The problem is not data scarcity alone
Nigeria produces significant volumes of health data, but fragmented systems often make that data less useful than it should be. When facilities, programmes, and referral pathways cannot exchange information reliably, critical signals are delayed and decision-making becomes reactive rather than preventive.
An interoperable model matters because maternal health, emergency response, public health surveillance, and frontline coordination all depend on information moving across institutional boundaries without distortion or unnecessary delay.
What an interoperable model should prioritise
- Common data standards that reduce duplication and improve consistency.
- Referral visibility so frontline teams can act earlier when risk escalates.

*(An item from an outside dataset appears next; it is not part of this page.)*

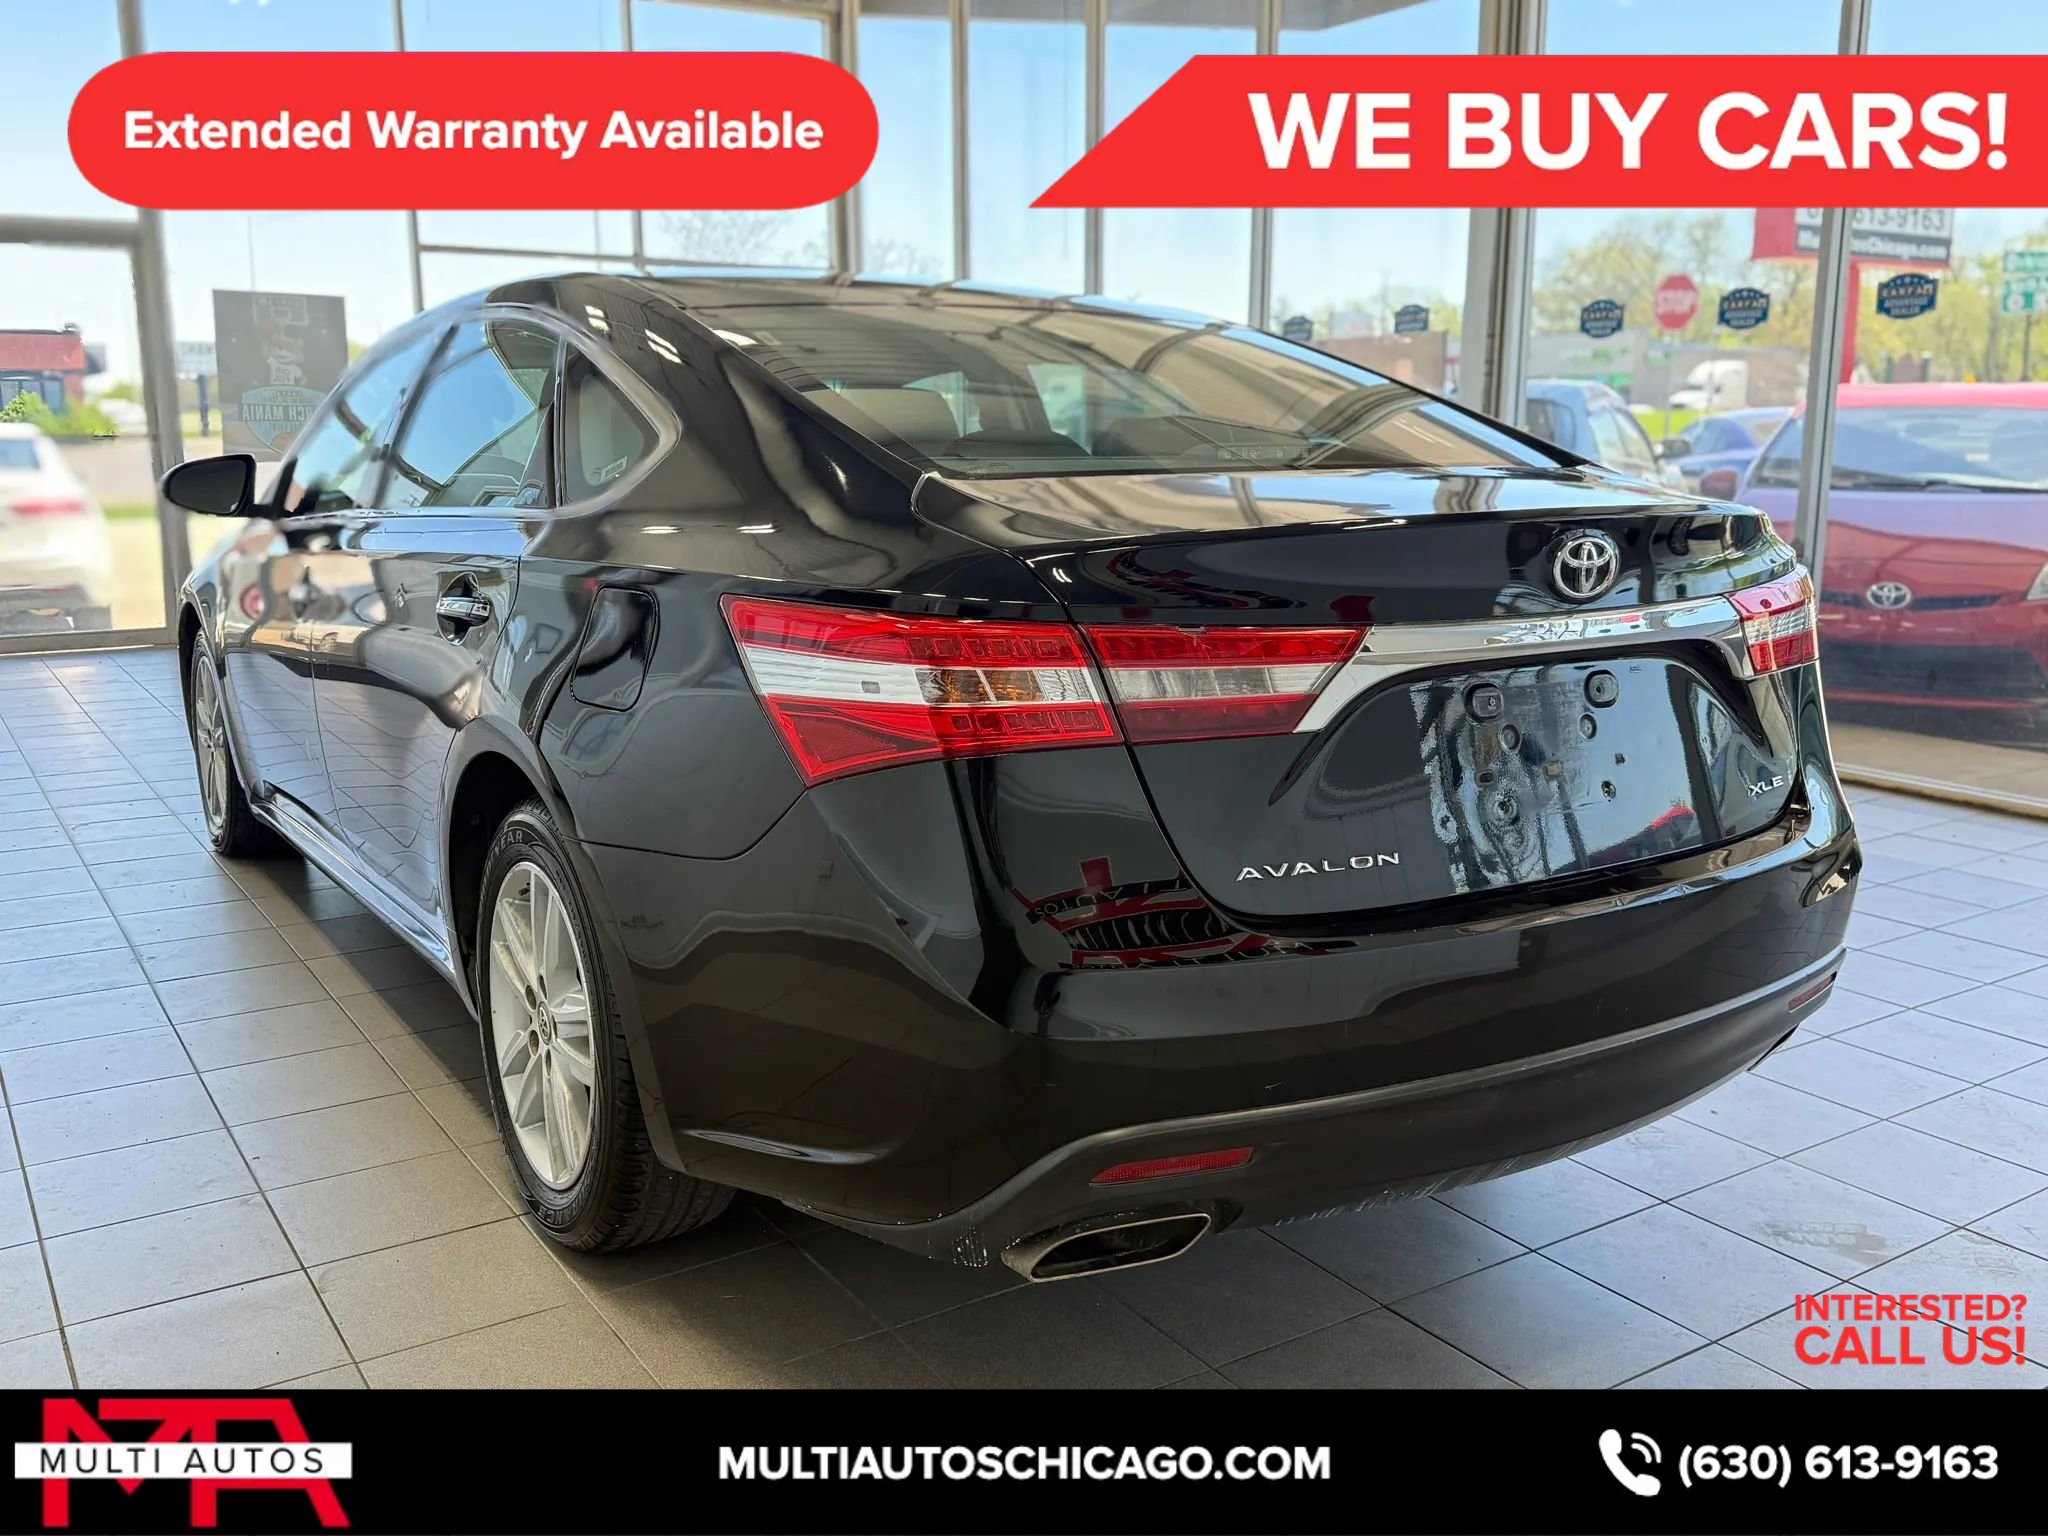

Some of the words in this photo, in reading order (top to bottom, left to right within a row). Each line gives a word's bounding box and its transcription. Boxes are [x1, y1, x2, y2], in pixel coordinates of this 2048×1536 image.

[1657, 288, 1698, 313] STOP
[1882, 285, 1934, 297] CARFAX
[1748, 775, 1785, 797] XLE
[1236, 852, 1401, 882] AVALON

- Role-based access controls that protect privacy while supporting practical use.
- Governance frameworks that define who owns which decisions and which data flows matter most.
Technology is only one layer
Interoperability is not a software feature alone. It is an institutional design challenge. Technical standards, training, governance, funding, and user adoption all have to move together. Systems fail when new platforms are introduced without addressing real workflow constraints or the incentives of those expected to use them.

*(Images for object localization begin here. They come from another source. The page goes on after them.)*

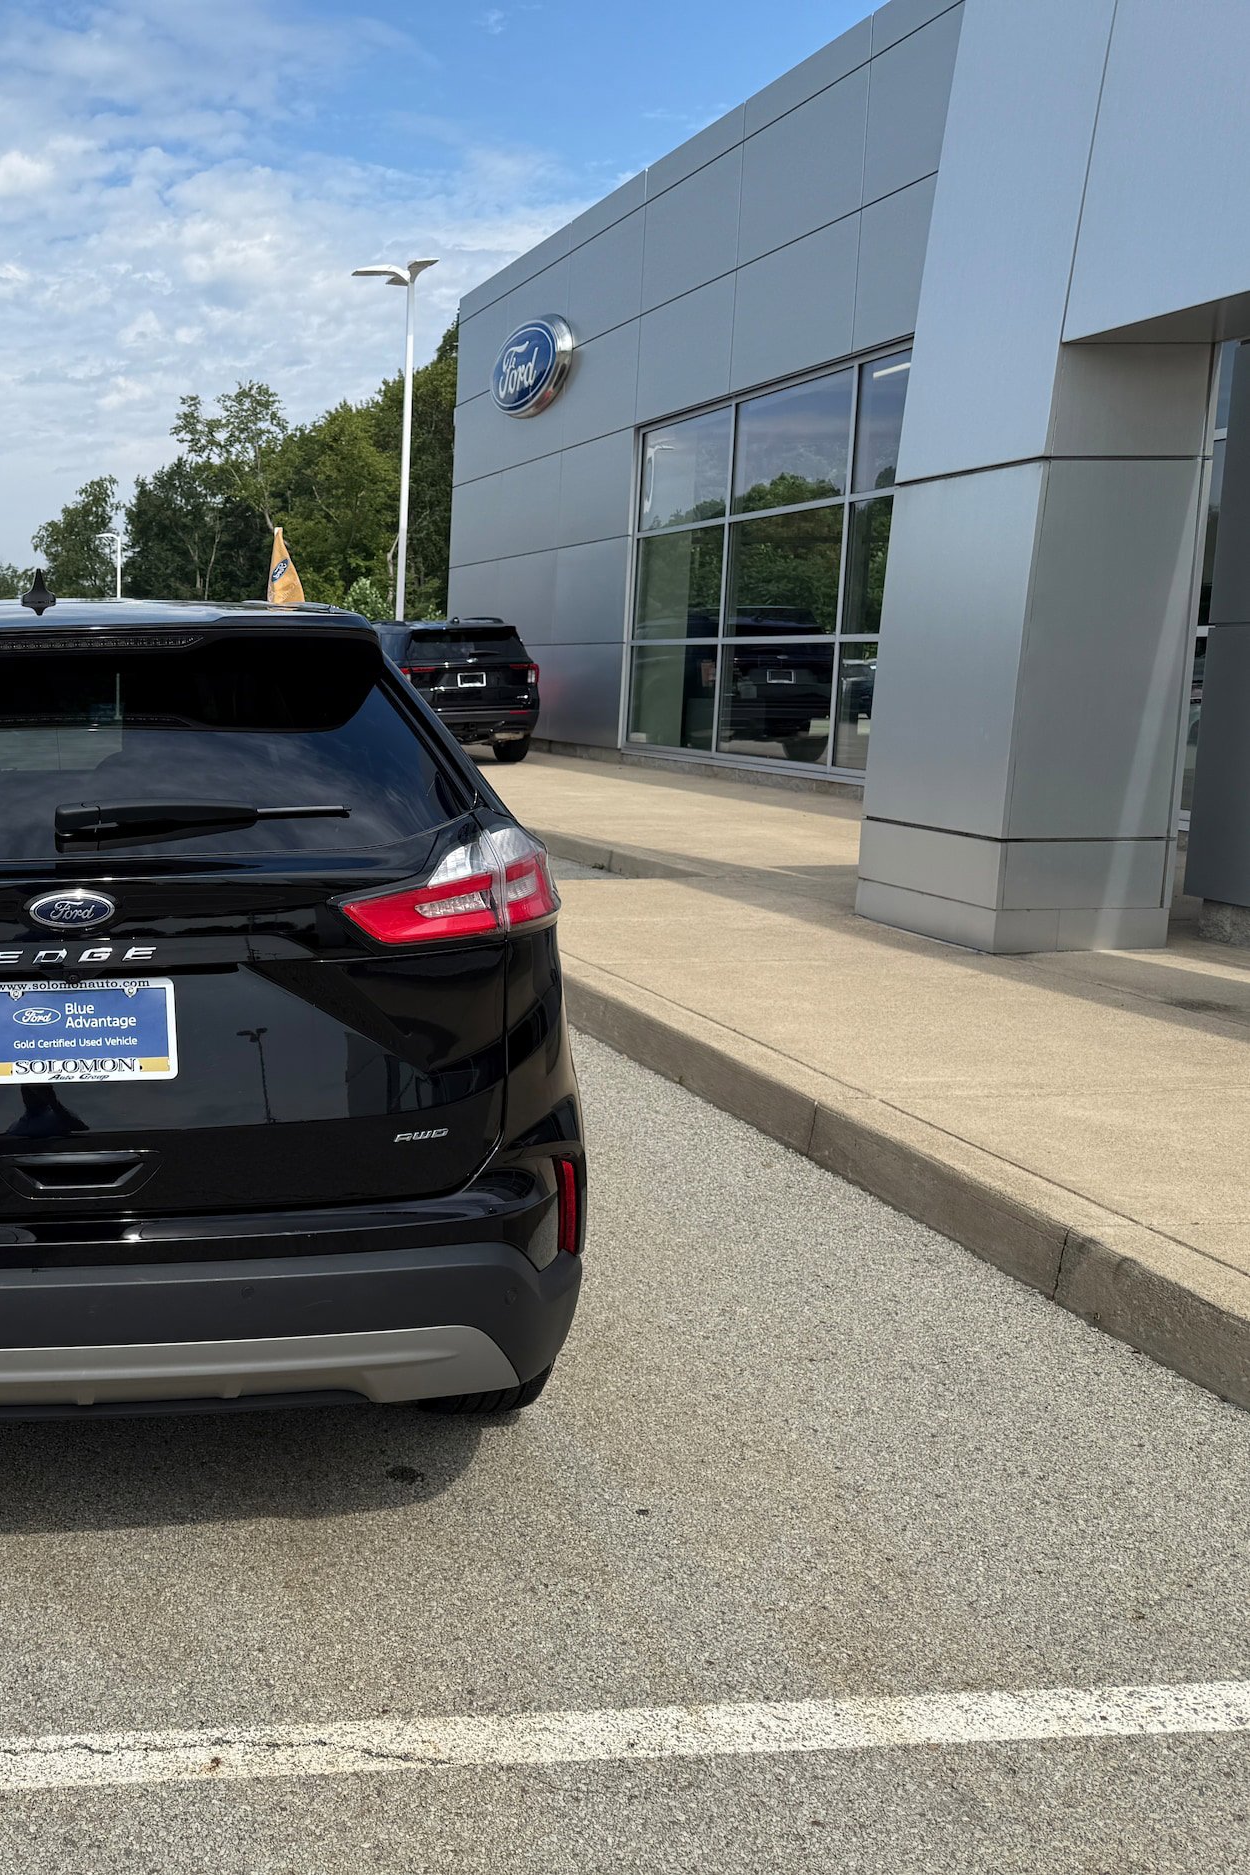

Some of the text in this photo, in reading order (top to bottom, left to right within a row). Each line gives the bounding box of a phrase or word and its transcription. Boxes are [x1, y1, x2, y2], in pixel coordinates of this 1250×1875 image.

[498, 340, 539, 399] Ford
[50, 900, 96, 920] Ford
[64, 1002, 95, 1015] Blue
[65, 1015, 137, 1029] Advantage
[13, 1036, 138, 1049] Gold Certified Used Vehicle
[15, 1058, 136, 1075] SOLOMON
[48, 1072, 110, 1081] Auto Group
[393, 1127, 449, 1143] AWD

That is why a serious model for Nigeria must treat interoperability as a delivery question. The goal is not simply to connect databases. The goal is to improve care, reduce information loss, and support faster coordination across the health system.
Why this matters for social impact leaders
For programme leaders and policymakers, interoperable systems create the conditions for better evidence, better accountability, and better service outcomes. They also make it easier to learn across programmes and reduce the waste caused by parallel systems.